Phase Synchronization and Demodulation of QPSK

Example of BPSK Modulation and Demodulation

Please run the MATLAB program digmod_ex.m under matlab5.

This program simulates the transmission of 100 bits/sec using BPSK. Additive noise is included at a level that can be changed via the SNR variable in the program. The carrier frequency is 1000 Hz. The demodulator consists of a coherent detector with perfect phase synchronization. "Scatter diagrams" of the received signal constellation are included to illustrate the benefits of matched filtering to reduce noise.

The pulse shape is square in this example, and there is no intersymbol interference (ISI). When ISI is present, it is handled with adaptive equalization, just like at baseband. The main difference is that with passband modulation, the equalizer must work on both the in-phase (I) and quadrature (Q) components of the coherently demodulated signal to remove ISI and noise.

Exercise with QPSK and a Training Sequence

Next consider the following QPSK constellation that is used to encode 2 bits per pulse:

00: -1 - j 1
01: -1 + j 1
10: +1 - j 1
11: +1 + j 1
A simple way to think about this definition of QPSK is that the first bit is encoded in the I component and the second bit is encoded in the Q component.

The data file proj3.dat contains samples of the QPSK signal that encodes a sequence of 10 bits. Thus the signal contains 5 symbols or pulses. The QPSK signal is corrupted by additive noise, but not ISI. The carrier frequency is 1000 Hz and the sampling rate is 10,000 samples per second. However, the phase of the carrier for the coherent demodulator is not known.

In order to establish phase synchronization, it is known that the first 4 bits in the sequence are 0 0 1 1. These 4 bits are a "training sequence". Your job is to determine the proper phase for the coherent demodulator, and to recover the remaining 6 bits in the sequence.

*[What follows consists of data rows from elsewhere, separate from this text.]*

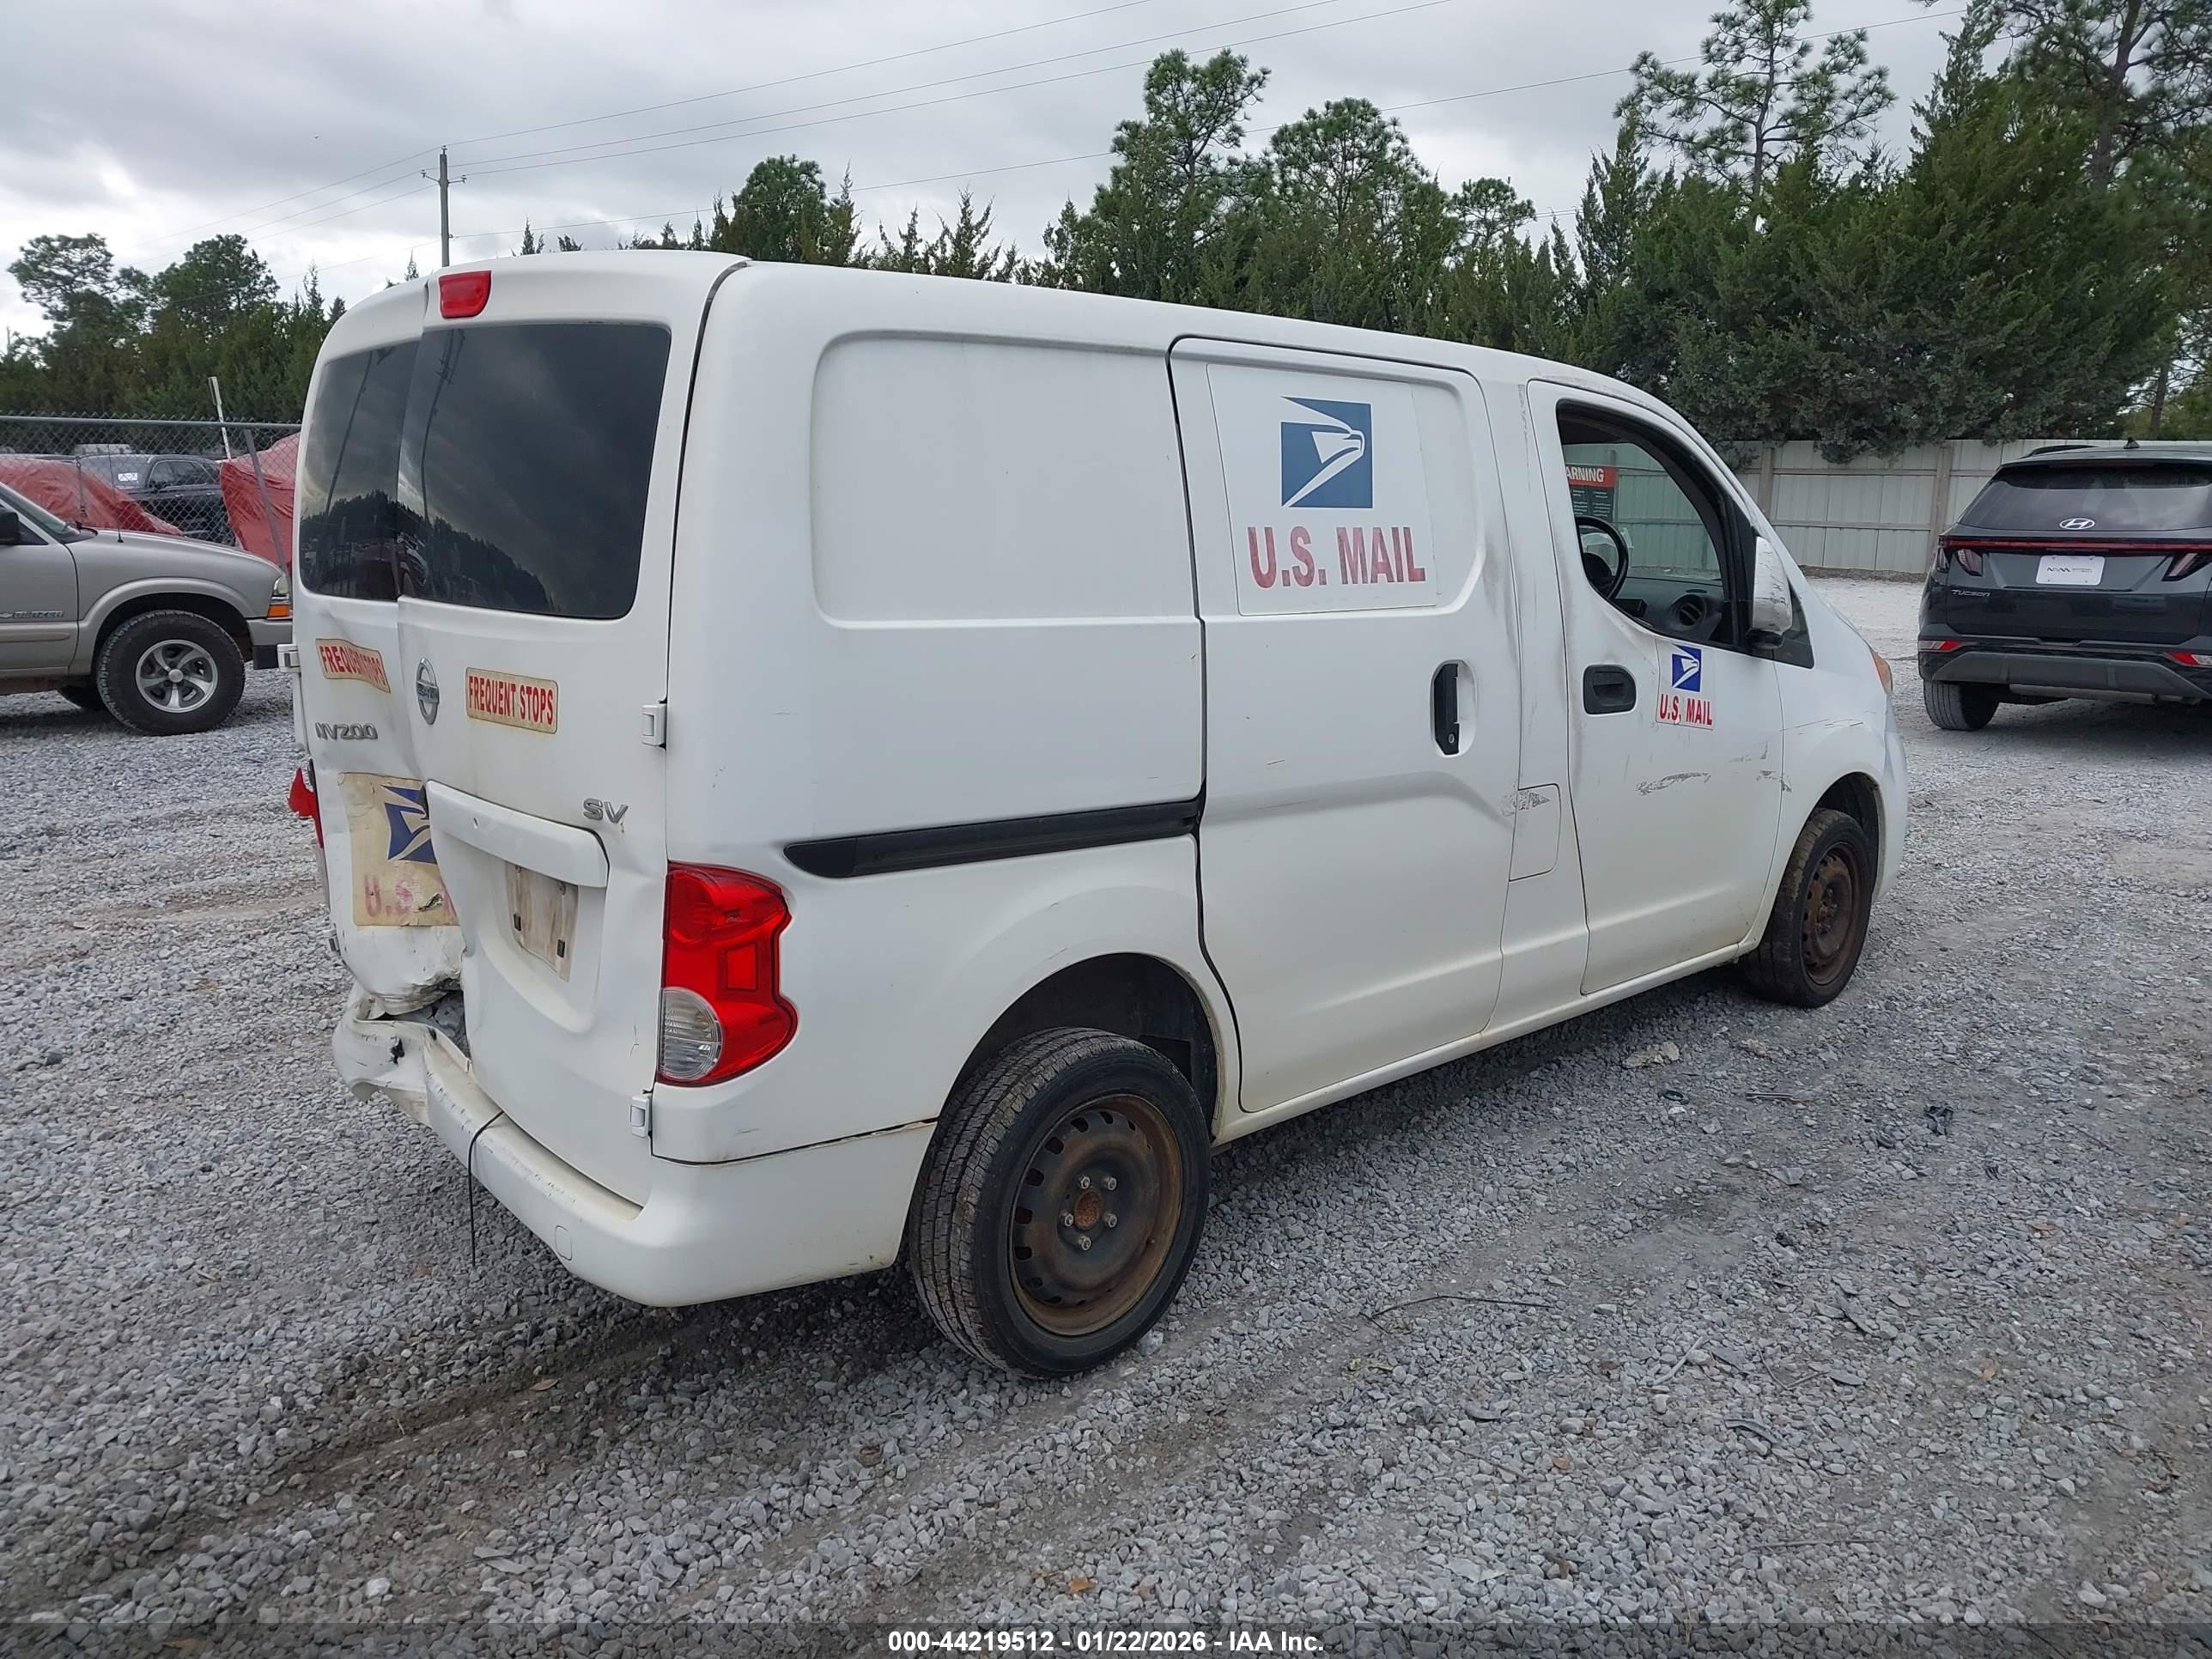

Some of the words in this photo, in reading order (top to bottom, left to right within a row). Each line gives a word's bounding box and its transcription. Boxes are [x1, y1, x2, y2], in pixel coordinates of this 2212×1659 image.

[1565, 466, 1605, 483] ARNING
[1247, 526, 1328, 589] U.S.
[1336, 526, 1426, 585] MAIL
[469, 675, 516, 717] FREQUENT
[520, 684, 554, 726] STOPS
[1659, 694, 1681, 721] U.S.
[1686, 697, 1713, 726] MAIL
[314, 721, 378, 740] NV200
[583, 798, 629, 823] SV

The MATLAB program proj3.m does almost everything that you need. It reads the data file, performs coherent demodulation, and also performs matched filtering. You need to change the variable phi, which is the phase shift on the local oscillator in the coherent demodulator. The samples of the matched filter output for the I and Q components are available in the variables xITmf and xQTmf, respectively.

Please answer this question during class on Friday, May 1, and report your answer to me in class.